Saturday, March 21, 2009

Pushing Myself

I have not written much recently because there has not been much to report. I have been on the bicycle, but as I explained in my last report a couple months ago, the bicycle is on a stationary trainer in my garage due to my time constraints.

But I have gone out on the road a couple times since the last report. I have stuck to riding up Old La Honda Road. This is because I have been recording my time up the 3.5 mile hill as a measure of my fitness level. Overall, it is a medium-length ride of 41 miles that I can do in less than 3 hours.

The last two times, I matched my personal best, thus proving that riding the trainer is a productive workout. This time, I was determined to push myself harder than I had before.

For a while, I had been thinking about how I have gone from being a beginner-level cyclist to an intermediate-level. Yet, it feels like I have not gotten much stronger or faster for a long time. Eventually I realized that I probably have to increase the intensity of my rides.

When I first started serious riding over two years ago, I could not make it up the hills. I would push myself just to keep going at a slow pace. I would often have to stop to catch my breath before continuing. Sometimes I would run out of energy and have to abandon the climb and turn around to coast back down. Through relentless pursuit of the summit, I became strong enough to always reach the top, and now I practically never stop to rest along the way.

It struck me that the reason I have not gotten stronger lately is because I need to push myself to the point of exhaustion like I would be at when I was a beginner. Only then would my body respond and improve my fitness level. Even though I always push myself, I need to push myself even harder. I need to burn so much energy that I feel like I may not make it to the top.

Back to my last ride. From the outset, I started strong. Usually I keep just a little in reserve to be sure I get to the top. This time I decided to keep a fast pace regardless of how tired I got. I started panting pretty soon, but I did not let that bother me. At the halfway mark, my leg muscles were burning, but I did not let up. At the two-thirds mark, my legs felt weak and were begging me to lower the pace so they could recover. I ignored that strong temptation.

I reached the top panting and feeling totally spent. I made it in 24 minutes 30 seconds — a full two minutes faster than my previous best time. It may not sound like it, but that is a major improvement.

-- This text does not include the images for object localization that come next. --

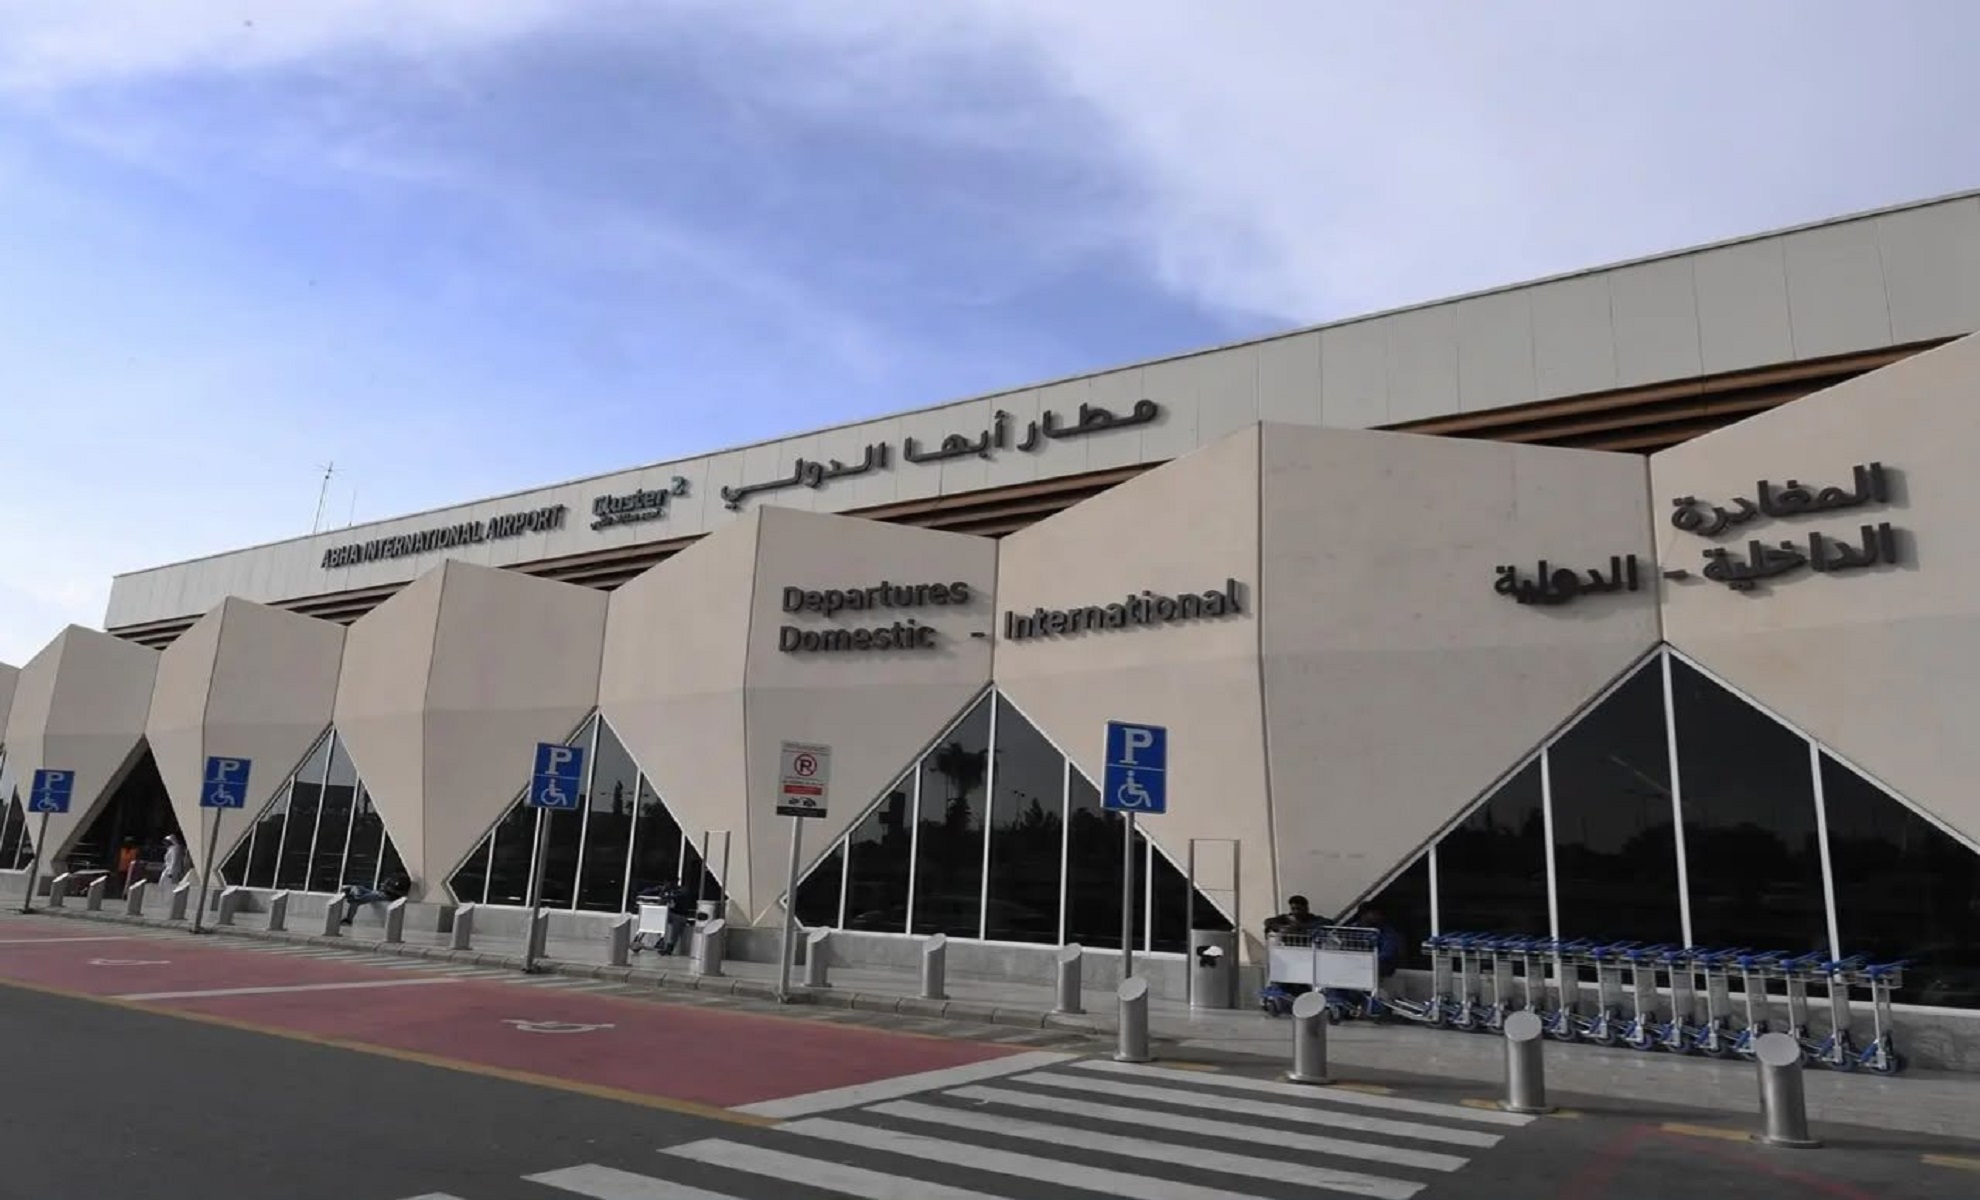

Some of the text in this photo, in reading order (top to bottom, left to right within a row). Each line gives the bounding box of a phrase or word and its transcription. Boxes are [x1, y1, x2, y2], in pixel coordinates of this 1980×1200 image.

[720, 399, 1160, 511] مطار أبها الدولي
[592, 488, 668, 516] Cluster
[1671, 461, 1885, 537] المغادرة
[321, 543, 363, 568] ABHA
[364, 520, 483, 561] INTERNATIONAL
[486, 504, 565, 540] AIRPORT
[1702, 522, 1897, 591] الداخلية
[782, 580, 969, 618] Departures
[1494, 553, 1638, 604] الدولية
[779, 619, 936, 652] Domestic
[1004, 577, 1242, 640] International
[544, 747, 573, 775] P
[1118, 727, 1154, 765] P
[40, 772, 64, 791] P
[213, 760, 240, 782] P
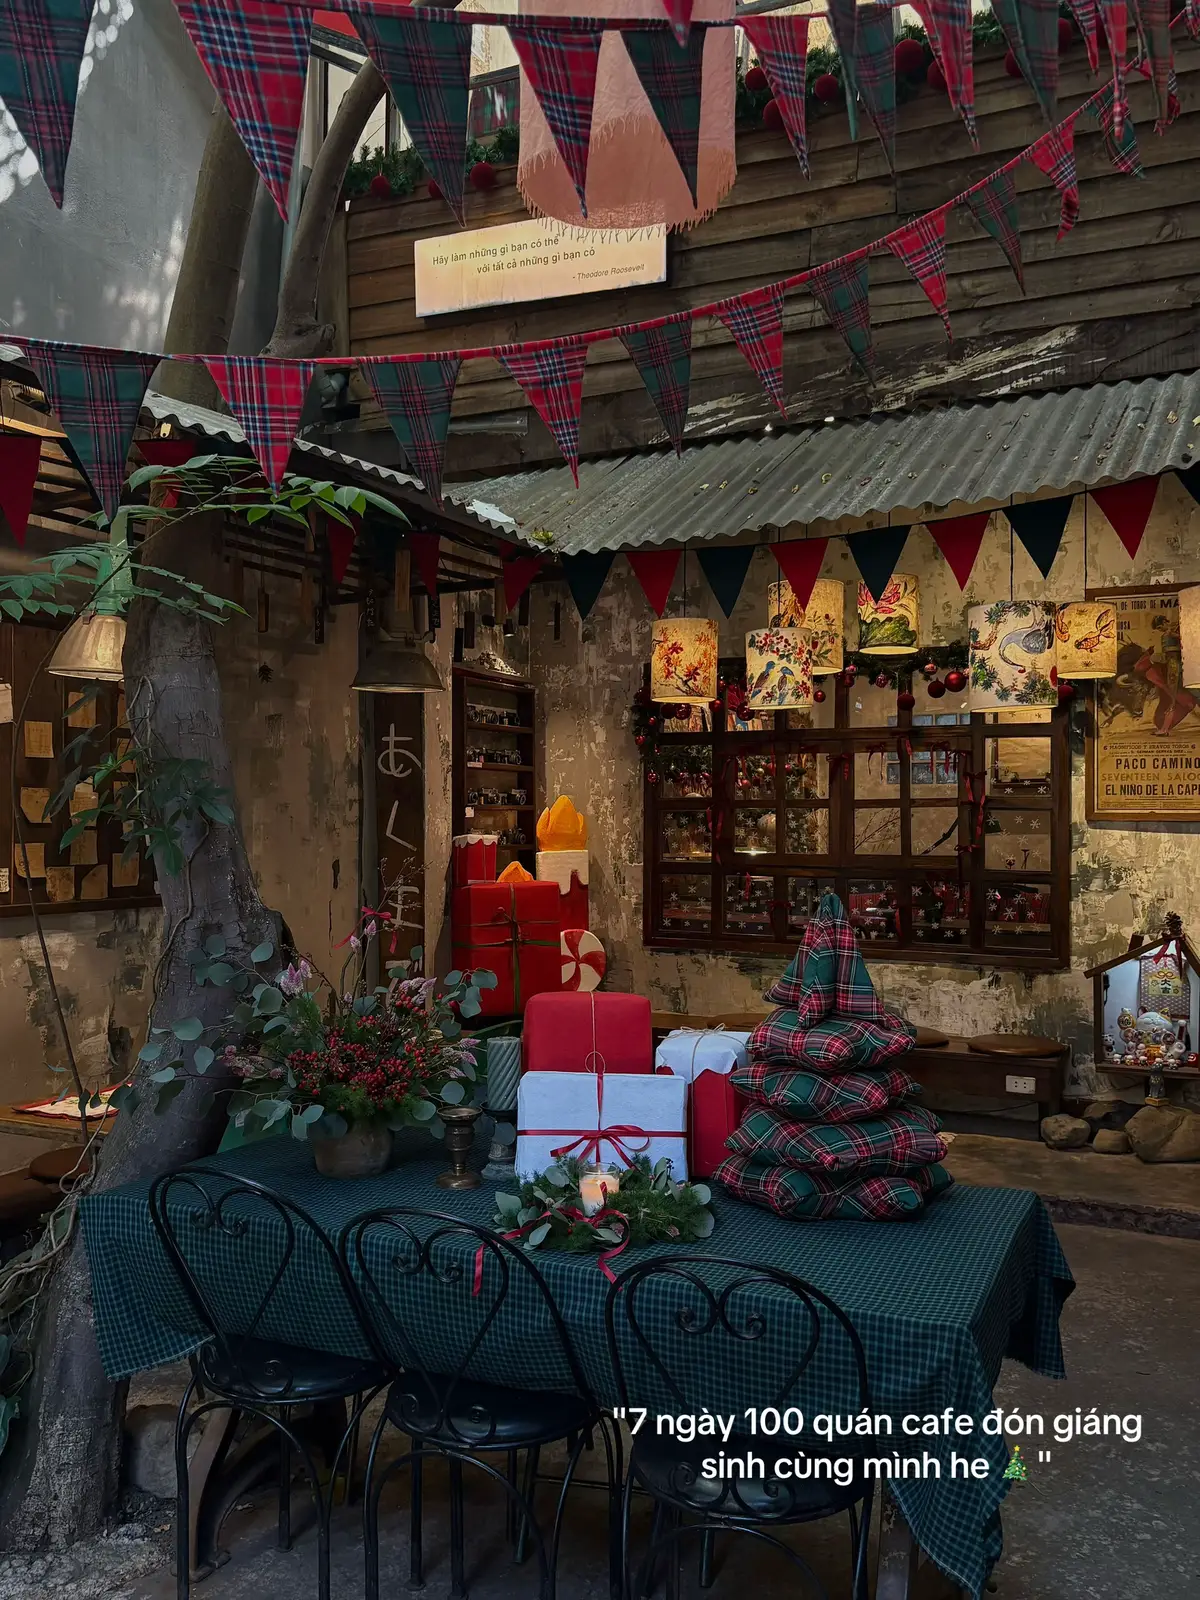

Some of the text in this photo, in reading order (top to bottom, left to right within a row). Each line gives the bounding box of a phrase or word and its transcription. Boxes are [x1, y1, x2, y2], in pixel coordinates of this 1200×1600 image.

I confirmed my status as an intermediate-level cyclist. I passed about 15 other cyclists on my way up. But I was passed by two elite-level cyclists who were keeping a casual conversation going with each other while effortlessly zooming by me, as I panted.

Although tired at the top, I recovered pretty quickly and paused only long enough to put on my jacket for the trip downhill. I had plenty of energy to keep a fast pace on the mostly flat route back home. Again, passing more people than the number who passed me.

So even if very long rides rarely fit into my schedule this year, I should be able to make up for that by increasing the intensity level. That actually takes as much mental strength as it does physical strength. But the results I am seeing should be motivating enough to do it.